- _THE TASK_:
Down to the last line, reproduce the data that follows, but skip the pictures.

☆ ☆ ☆ ☆ ☆ ☆ ☆

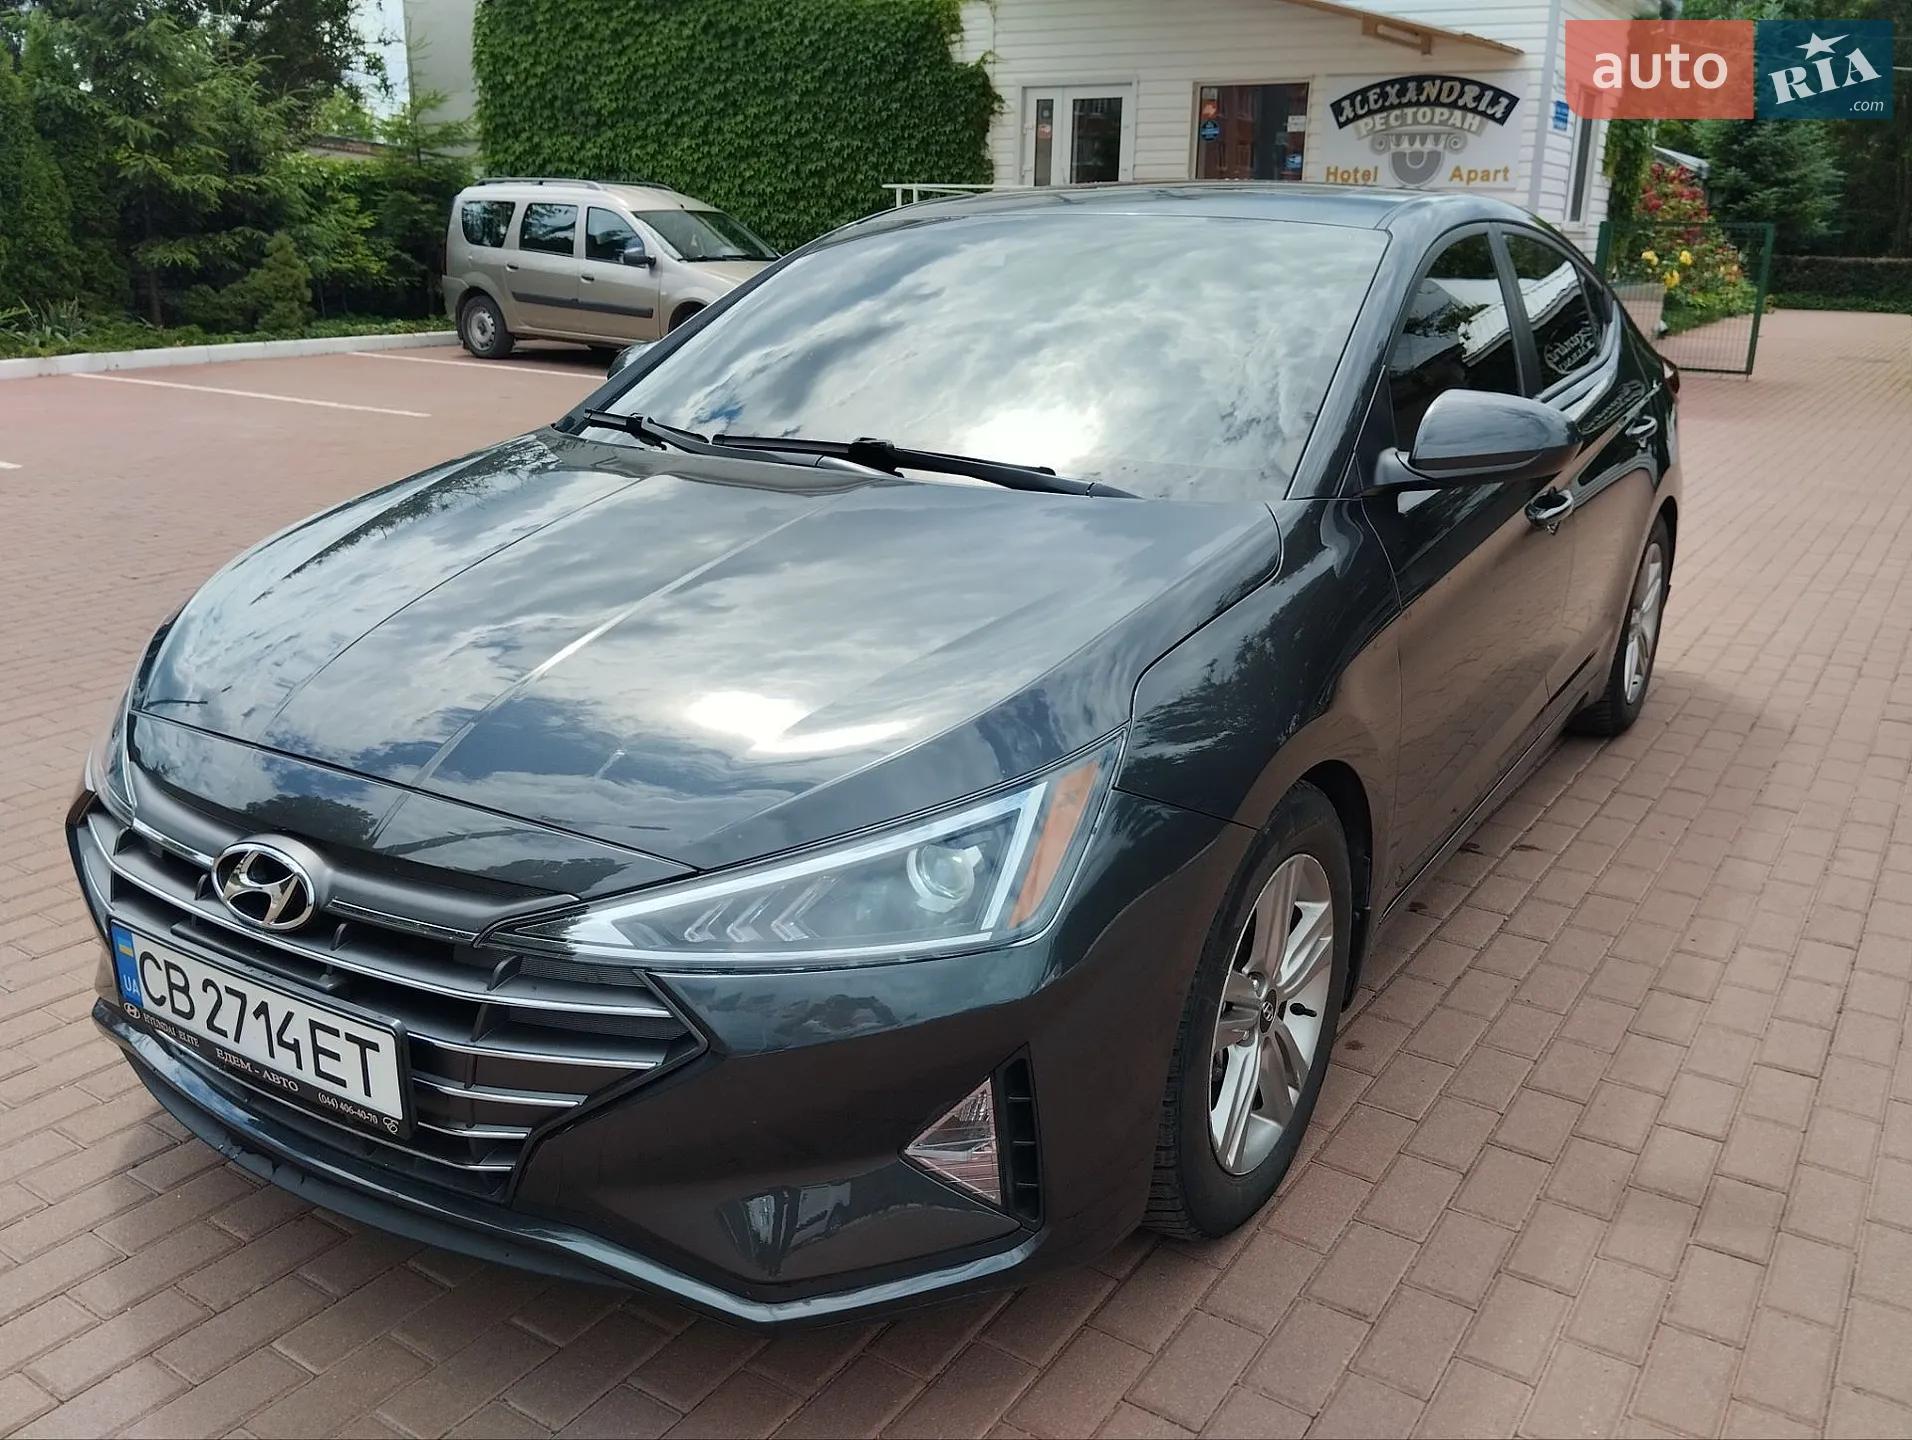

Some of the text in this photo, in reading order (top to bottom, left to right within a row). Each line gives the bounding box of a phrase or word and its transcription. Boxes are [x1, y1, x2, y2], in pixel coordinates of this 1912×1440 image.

[1338, 79, 1510, 123] ALEXANDRIA
[1360, 106, 1483, 135] РЕСТОРАН
[1325, 165, 1510, 185] Hotel Apart
[123, 974, 141, 997] UA
[262, 1070, 299, 1092] АВТО

☆ ☆ ☆ ☆ ☆ ☆ ☆

- _PROBLEM SOLUTION_:
Some of the text in this photo, in reading order (top to bottom, left to right within a row). Each line gives the bounding box of a phrase or word and its transcription. Boxes are [x1, y1, x2, y2], in pixel coordinates of this 1912×1440 image.

[1338, 79, 1510, 123] ALEXANDRIA
[1360, 106, 1483, 135] РЕСТОРАН
[1325, 165, 1510, 185] Hotel Apart
[123, 974, 141, 997] UA
[262, 1070, 299, 1092] АВТО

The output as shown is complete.